Only no connection is made, not even with the help of guest performers who are drawn from all corners of Boston VIP-dom. The night I attended the guest was the stage/screen actress Karen MacDonald, well-known to Boston audiences.
Boston has always seemed to me to be eager to shed its New England provincialism through the guidance of VIPs. The presence of notables makes the trip so … comfortable. Years ago our two major daily newspapers assigned reporters to the gossip pages. The Boston Herald had “The Eye,” and the Boston Globe had “Names and Faces.” (Cost reductions at both papers eliminated those columns long ago). Morsels of claptrap often found their way to the front pages, especially when the celebrities in the limelight (at the moment) committed salacious acts. The inclusion of VIPs here is mere window dressing. A theatergoer might scan the list of luminaries in the queue and purchase a ticket to see said “star” during a preferred performance. But the truth is, the “play” itself doesn’t make good dramatic use of the celebrity at all. The selected godlings take orders from Nassim and do his bidding.

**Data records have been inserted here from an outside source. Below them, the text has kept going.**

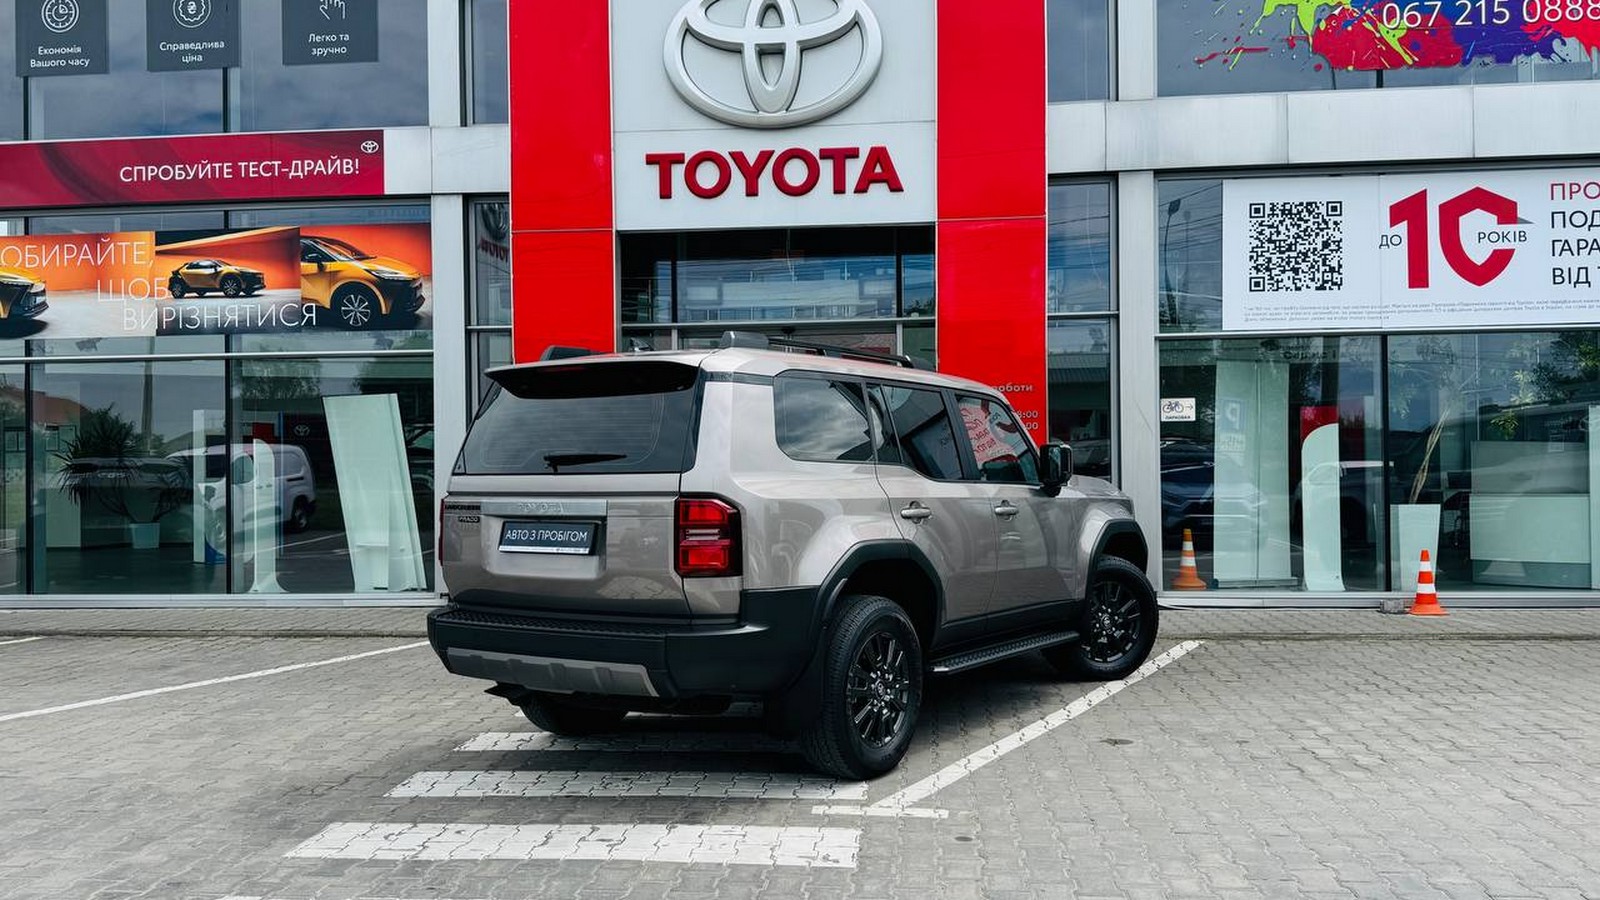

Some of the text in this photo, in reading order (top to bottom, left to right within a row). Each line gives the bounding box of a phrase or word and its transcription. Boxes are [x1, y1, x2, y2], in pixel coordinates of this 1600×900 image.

[1382, 2, 1440, 29] 067
[1455, 0, 1511, 27] 215
[308, 33, 350, 44] Легко та
[37, 44, 82, 56] Економія
[159, 39, 225, 53] Справедлива
[311, 46, 347, 57] зручно
[30, 58, 90, 68] Вашого часу
[181, 52, 203, 64] ціна
[119, 155, 361, 183] СПРОБУЙТЕ ТЕСТ-ДРАЙВ!
[645, 145, 904, 200] TOYOTA
[1379, 235, 1402, 249] ДО
[1477, 230, 1528, 244] РОКІВ
[1552, 266, 1591, 288] ВІД
[97, 278, 168, 308] ЩОБ
[123, 303, 317, 331] ВИРІЗНЯТИСЯ
[505, 530, 529, 540] АВТО
[538, 530, 588, 542] ПРОБІГОМ

What’s missing here is an opportunity to tell what might have been an intriguing story fully. We get tidbits of possibility in Nassim’s recollection of his childhood, “once upon a time,” but that only goes so far. Nothing is developed. The majority of this self-conscious show focuses on the words, showing us how Farsi is written using a calligraphic pen and ink, how the language uses curse words, and how funny Farsi sometimes sounds. I envisaged that a better use for the production, which runs 85 minutes, would be at academic conferences, a way to to break the ice, to get people thinking about words and why they matter.

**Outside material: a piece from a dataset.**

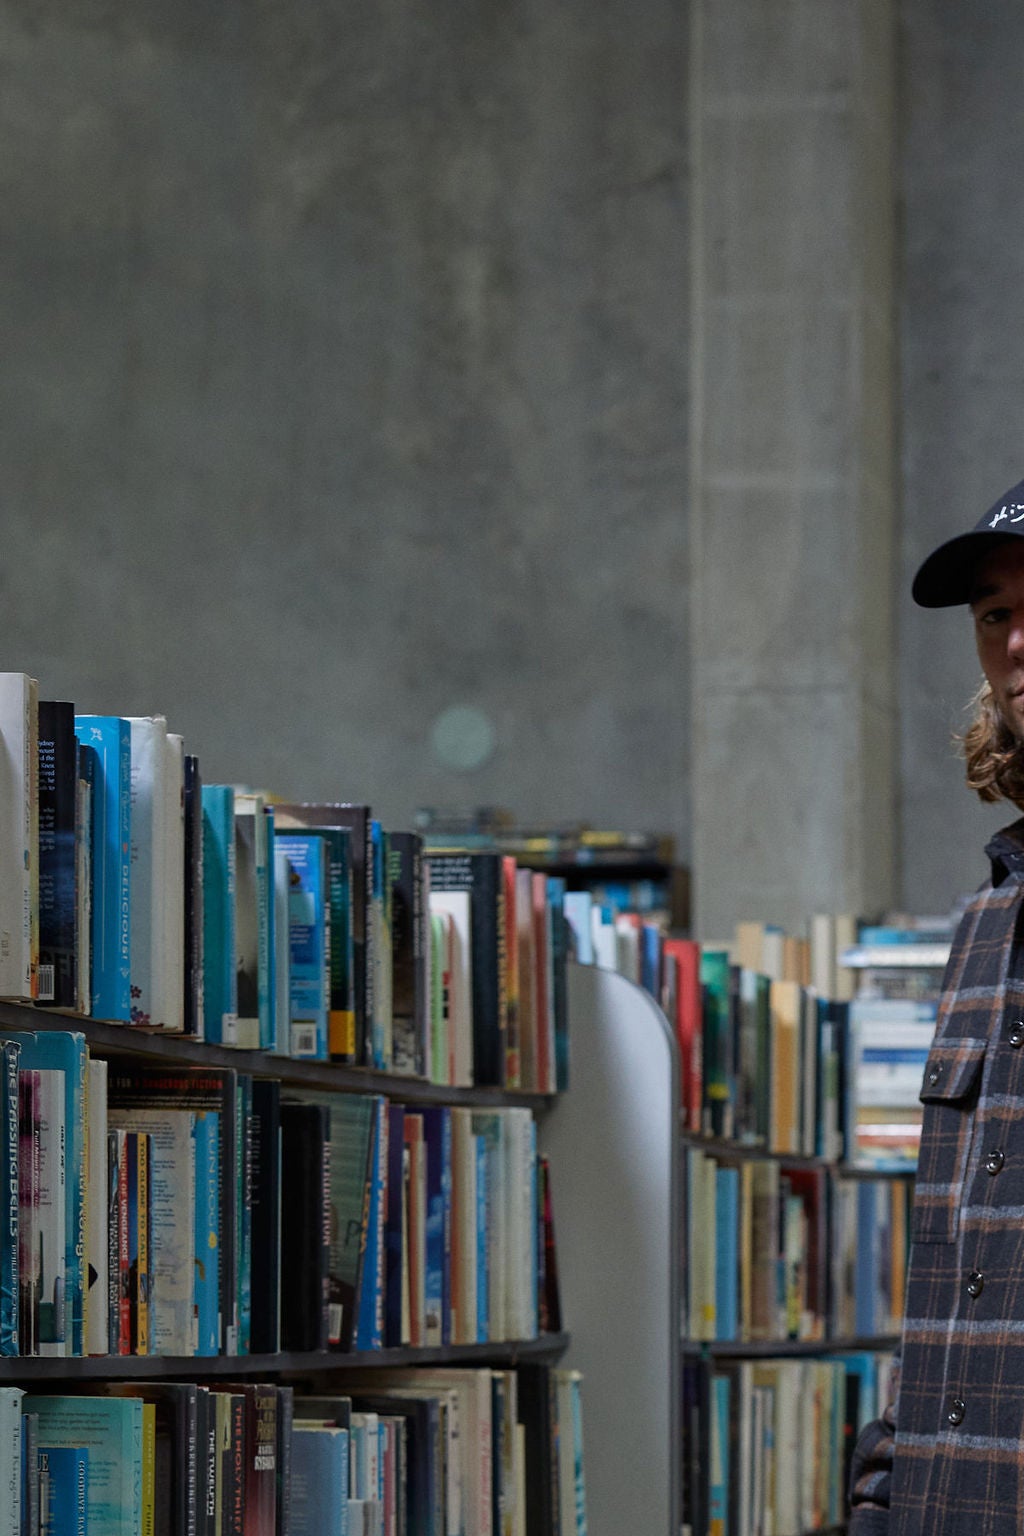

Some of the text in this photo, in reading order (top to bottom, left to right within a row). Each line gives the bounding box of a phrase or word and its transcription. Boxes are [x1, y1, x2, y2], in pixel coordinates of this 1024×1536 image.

Instead of playing footsies with the star-studded guest list, Nassim would have been wiser to take the time to develop some sort of narrative. That might have pulled the viewer in more effectively, using the stage as a means to understand the turmoil in his homeland, even if he wishes to play it safe, avoiding all political references to the current mayhem and terror and consequent destruction reducing the Middle East to rubble.
Huntington Theatre Company publicists refer to the play as “touchingly autobiographical yet powerfully universal.” If that is Nassim’s intention, he misses the mark. A “universal” connection, one that plumbs the depths of human emotion, isn’t built on a gimmick.
Robert Israel, an Arts Fuse contributor since 2013, can be reached at risrael_97@yahoo.com.
Thank you for this very honest and interesting review! Most of the rest of the local critics didn’t have the courage to write what you wrote. Bravo.
Couldn’t agree more. Indeed, I wrote that a clever gimmick does not make a play in responding to the Huntington’s request for feedback.
Thank you for your excellent review. I just saw the show yesterday, but didn’t know how to express my reaction. I enjoyed it to a point. But it was like eating a sweet meal of empty calories – I was still hungry. I appreciate your insight!